* Dataset entries *
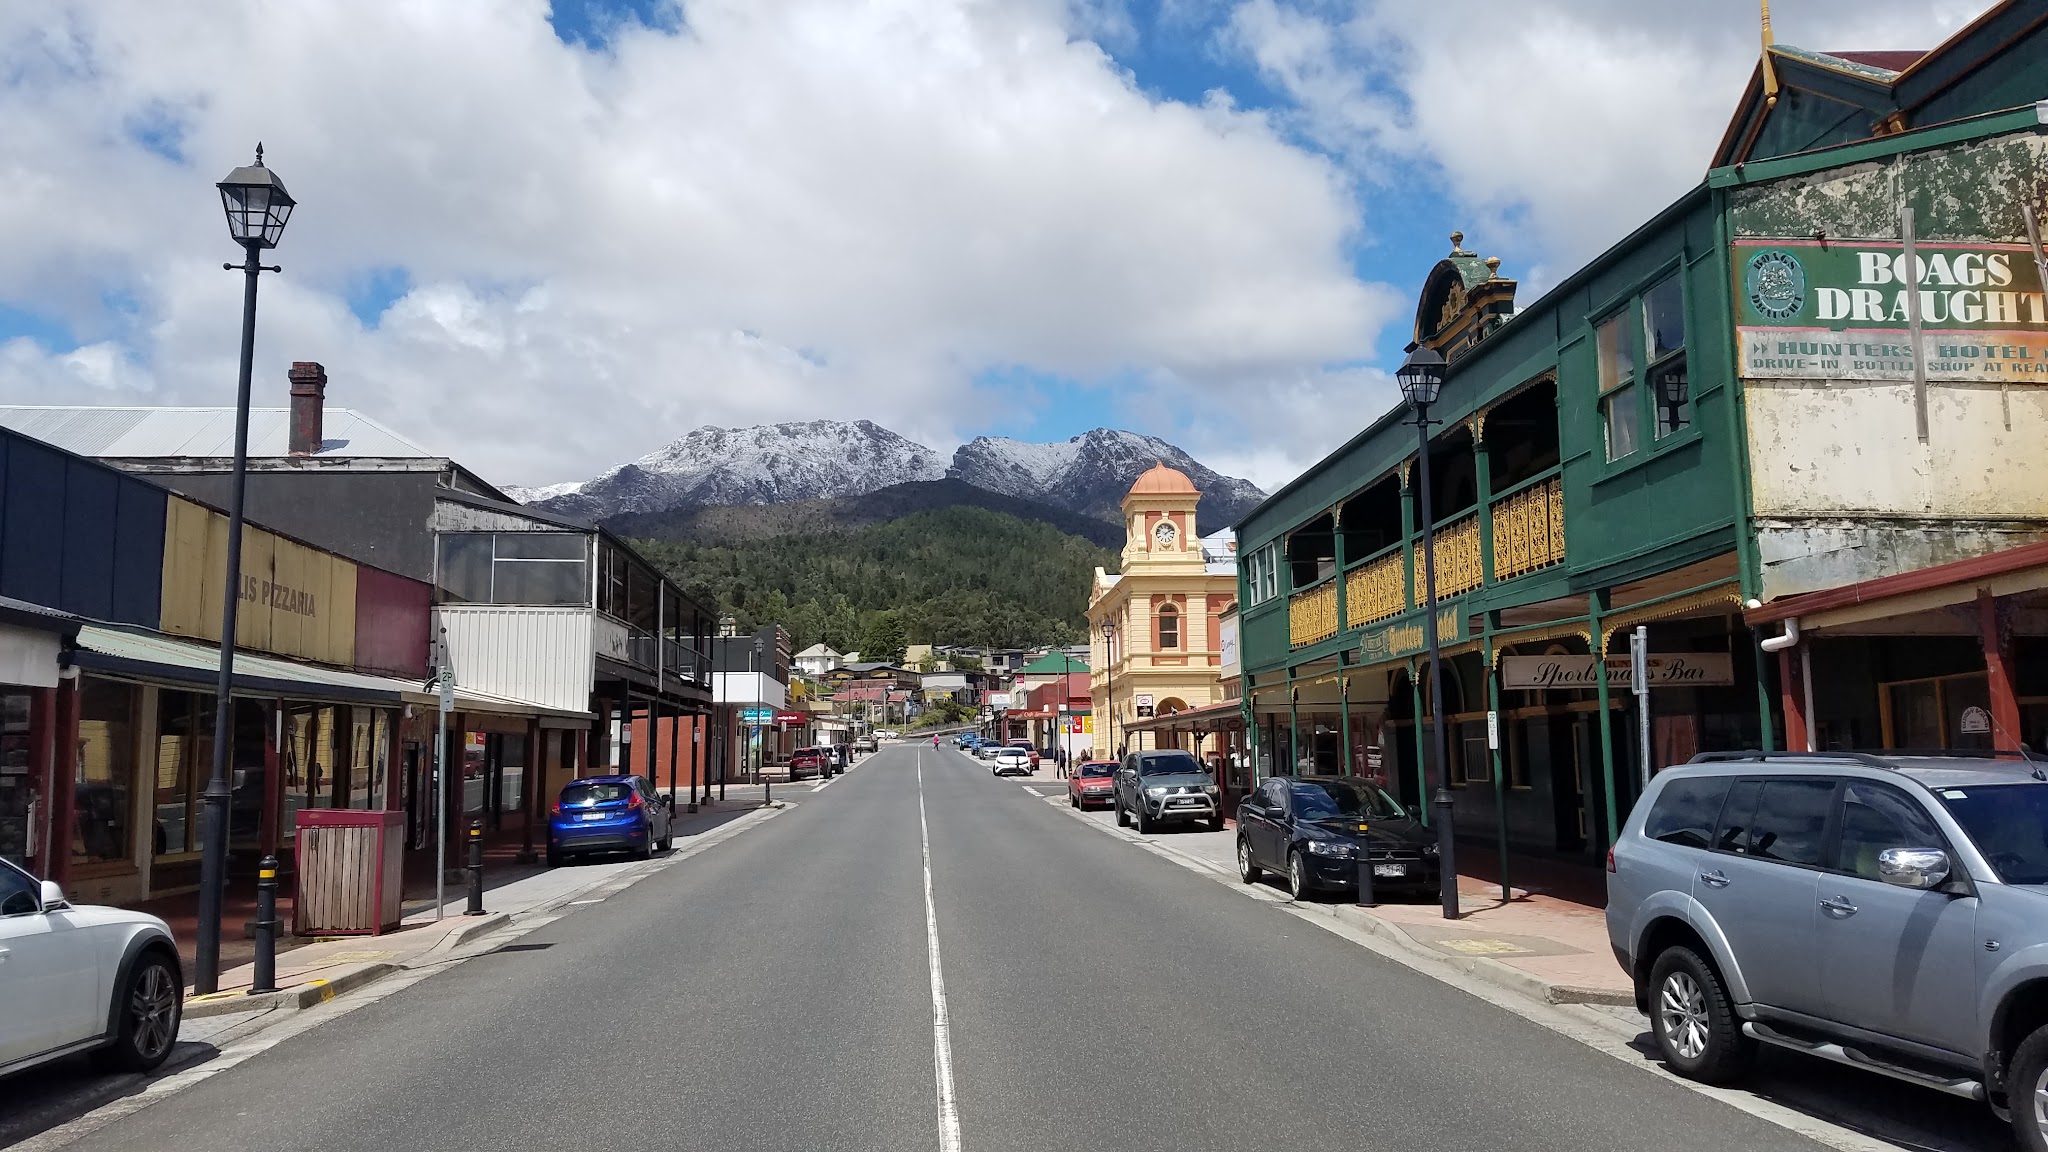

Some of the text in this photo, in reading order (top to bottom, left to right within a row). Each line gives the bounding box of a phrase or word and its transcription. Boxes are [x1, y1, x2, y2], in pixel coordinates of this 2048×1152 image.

[1753, 252, 1795, 270] BOAGS
[1855, 252, 2013, 287] BOAGS
[1814, 287, 2048, 324] DRAUGHT
[1928, 361, 1975, 372] SHOP
[1983, 362, 2004, 372] AT
[1939, 345, 2034, 359] HOTEL
[238, 573, 316, 618] LIS PIZZARIA
[1437, 604, 1459, 645] otel
[442, 671, 453, 682] 2P
[1533, 658, 1704, 687] Sportsmas Bar

* Task objective *
The records above are to be transcribed in full, with images omitted.

* Solution for this exercise *
Some of the text in this photo, in reading order (top to bottom, left to right within a row). Each line gives the bounding box of a phrase or word and its transcription. Boxes are [x1, y1, x2, y2], in pixel coordinates of this 2048×1152 image.

[1753, 252, 1795, 270] BOAGS
[1855, 252, 2013, 287] BOAGS
[1814, 287, 2048, 324] DRAUGHT
[1928, 361, 1975, 372] SHOP
[1983, 362, 2004, 372] AT
[1939, 345, 2034, 359] HOTEL
[238, 573, 316, 618] LIS PIZZARIA
[1437, 604, 1459, 645] otel
[442, 671, 453, 682] 2P
[1533, 658, 1704, 687] Sportsmas Bar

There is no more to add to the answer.